Beschäftigte des Autozulieferers Mahle in Stuttgart und Kornwestheim bekommen vorerst weniger Lohn und weniger Boni – im Gegenzug sollen ihre Arbeitsplätze bis Ende 2029 nicht gestrichen werden.

Was ist passiert? Rund 4.000 Mitarbeiterinnen und Mitarbeiter von Mahle verzichten auf eine geplante Lohnerhöhung und auf Teile ihres Weihnachts- und Urlaubsgeldes. Eine Sonderzahlung wird in freie Tage umgewandelt. Das Unternehmen, der Betriebsrat und die Gewerkschaft IG Metall haben sich nach Verhandlungen auf diesen Kompromiss geeinigt. Ursprünglich waren sogar Stellenstreichungen geplant – diese sind nun aber vom Tisch.

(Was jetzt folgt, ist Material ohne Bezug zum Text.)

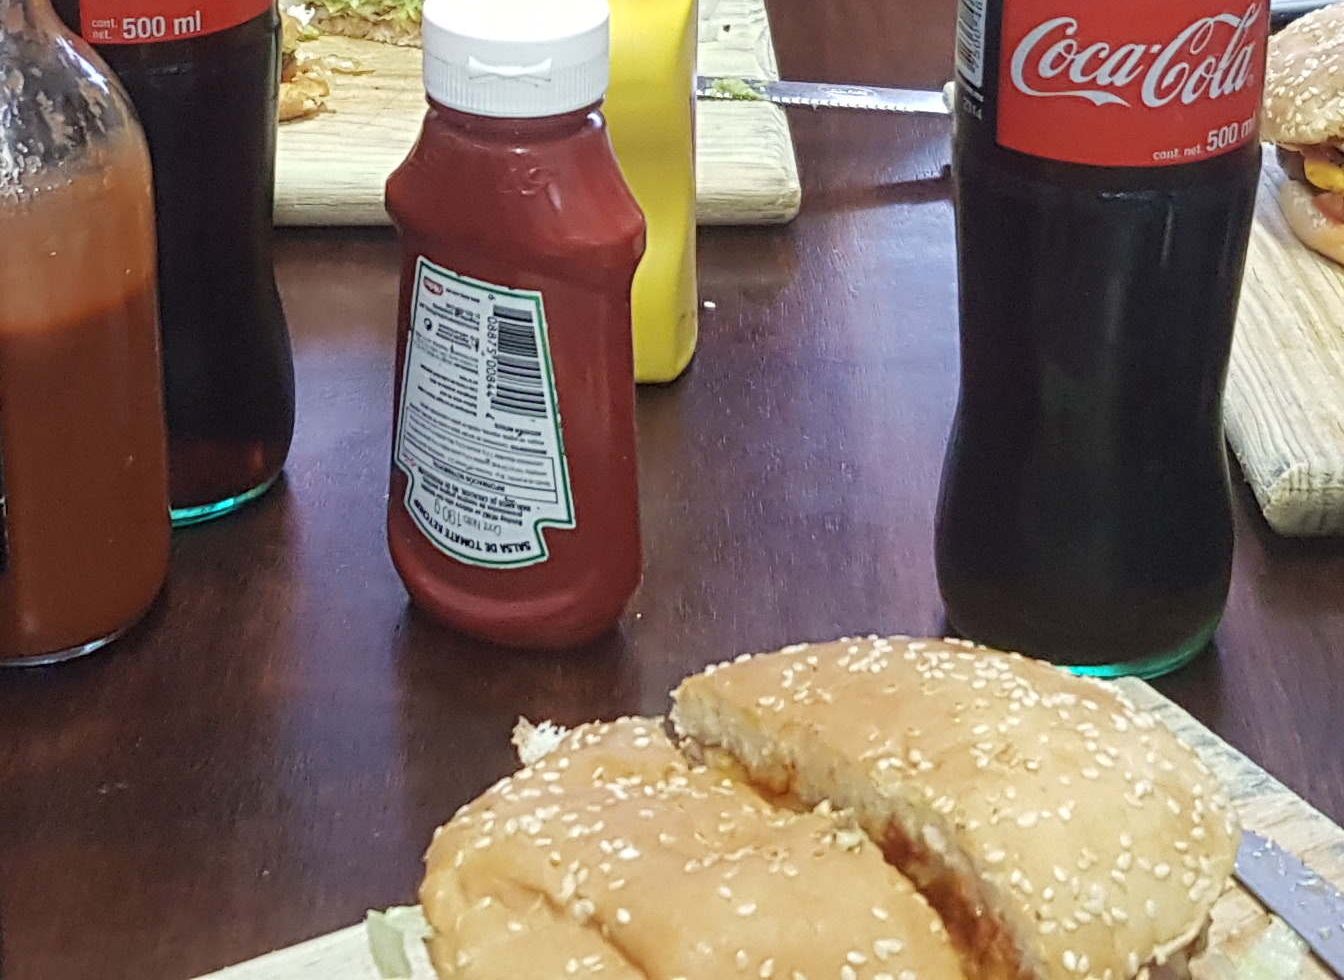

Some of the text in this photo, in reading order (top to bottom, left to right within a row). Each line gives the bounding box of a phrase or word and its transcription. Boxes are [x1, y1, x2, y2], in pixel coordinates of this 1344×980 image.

Wer hilft? Die Tarifverhandlungen wurden von IG Metall und dem Mahle-Gesamtbetriebsrat geführt. Matthias Fuchs von der IG Metall sprach von einem „schmerzhaften, aber verantwortungsvollen Kompromiss“. Der Betriebsratschef Boris Schwürz sagte: „Entscheidend ist, dass Mahle diese Atempause jetzt konsequent nutzt: Wir erwarten Investitionen, Qualifizierung und neue Produkte an den Standorten, damit aus vorübergehenden Beiträgen der Belegschaft keine dauerhaften Verschlechterungen werden.“ Das bedeutet: Jetzt muss das Unternehmen liefern – zum Beispiel mit neuen Produkten und Weiterbildung.